Keywords: VGLUT1, VGLUT2, ribbon synapse, amacrine cell, glycine


Neurotransmitters are the key information molecules of the retina, and they mediate both excitatory and inhibitory neural signals. L-glutamate has been established as the fast excitatory neurotransmitter in the vertebrate retina [47], and it defines the excitatory vertical throughput pathway in the retina, from photoreceptors in the outer retina to ganglion cells in the inner retina. All glutamatergic neurons are known to express at least one of the three types of vesicular glutamate transporters (VGLUT1, VGLUT2, and VGLUT3) [2,1012,42,45,46,51]. These transporters are members of brain-specific Na+-dependent inorganic phosphate cotransporter family, which was originally thought to be a carrier for inorganic phosphate, but acted as a vesicular glutamate transporter [2]. These transporters share roughly 70% amino acid homology among each of the VGLUTs and likely have similar structural topology which includes 8 to 10 putative transmembrane regions [42]. VGLUT activity is dependent on the vesicular proton electrochemical gradient generated by the vesicular proton ATPase, and a unique dependence on Cl, which serves as a counter ion of H+ influx mediated by the ATPase [2,42]. The pharmacology, substrate specificity and kinetics are similar among all three known VGLUTs [42].

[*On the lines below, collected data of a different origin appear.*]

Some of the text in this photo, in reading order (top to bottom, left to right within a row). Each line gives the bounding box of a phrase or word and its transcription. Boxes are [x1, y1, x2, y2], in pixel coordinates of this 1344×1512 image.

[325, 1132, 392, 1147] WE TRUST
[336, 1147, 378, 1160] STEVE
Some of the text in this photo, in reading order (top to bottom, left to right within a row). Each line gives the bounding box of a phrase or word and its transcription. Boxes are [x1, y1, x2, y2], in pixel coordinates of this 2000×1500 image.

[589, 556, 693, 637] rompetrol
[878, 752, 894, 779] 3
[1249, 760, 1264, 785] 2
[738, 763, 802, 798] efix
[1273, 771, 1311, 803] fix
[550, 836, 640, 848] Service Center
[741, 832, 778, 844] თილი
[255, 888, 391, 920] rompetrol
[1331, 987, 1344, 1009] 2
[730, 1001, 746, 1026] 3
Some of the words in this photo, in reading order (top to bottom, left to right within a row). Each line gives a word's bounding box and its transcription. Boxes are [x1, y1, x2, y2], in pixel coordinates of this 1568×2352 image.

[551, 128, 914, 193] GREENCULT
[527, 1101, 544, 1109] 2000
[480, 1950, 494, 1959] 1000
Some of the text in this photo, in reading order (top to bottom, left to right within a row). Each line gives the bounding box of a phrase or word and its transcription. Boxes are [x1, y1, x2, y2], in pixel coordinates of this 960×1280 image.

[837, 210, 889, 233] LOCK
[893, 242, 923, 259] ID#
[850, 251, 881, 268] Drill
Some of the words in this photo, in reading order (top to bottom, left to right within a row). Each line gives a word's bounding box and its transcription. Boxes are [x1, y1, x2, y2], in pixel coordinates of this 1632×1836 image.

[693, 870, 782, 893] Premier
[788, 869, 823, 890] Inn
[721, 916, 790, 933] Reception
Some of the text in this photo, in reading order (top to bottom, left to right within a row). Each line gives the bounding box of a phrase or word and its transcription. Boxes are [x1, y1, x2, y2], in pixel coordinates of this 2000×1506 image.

In contrast to these similarities, the three VGLUTs differ in their expression profiles in both the retina and central nervous system [10,11,16,21,24,25,32,38,41,42,50]. In the adult retina, VGLUT1 is expressed predominately in the two synaptic layers containing ribbon synapses: the outer plexiform layer (OPL) and inner plexiform layer (IPL) [25,41]. VGLUT2 is expressed in cone photoreceptors [14,50] and ganglion cell bodies and their dendrites within the ganglion cell layer (GCL) and the IPL [25,41,50], and perhaps some Müller cells [25,41], and horizontal cells[15]. VGLUT 3 selectively labels a subset of amacrine cells and their processes within the IPL that contain glycine and the glycine transporter 1[21,24].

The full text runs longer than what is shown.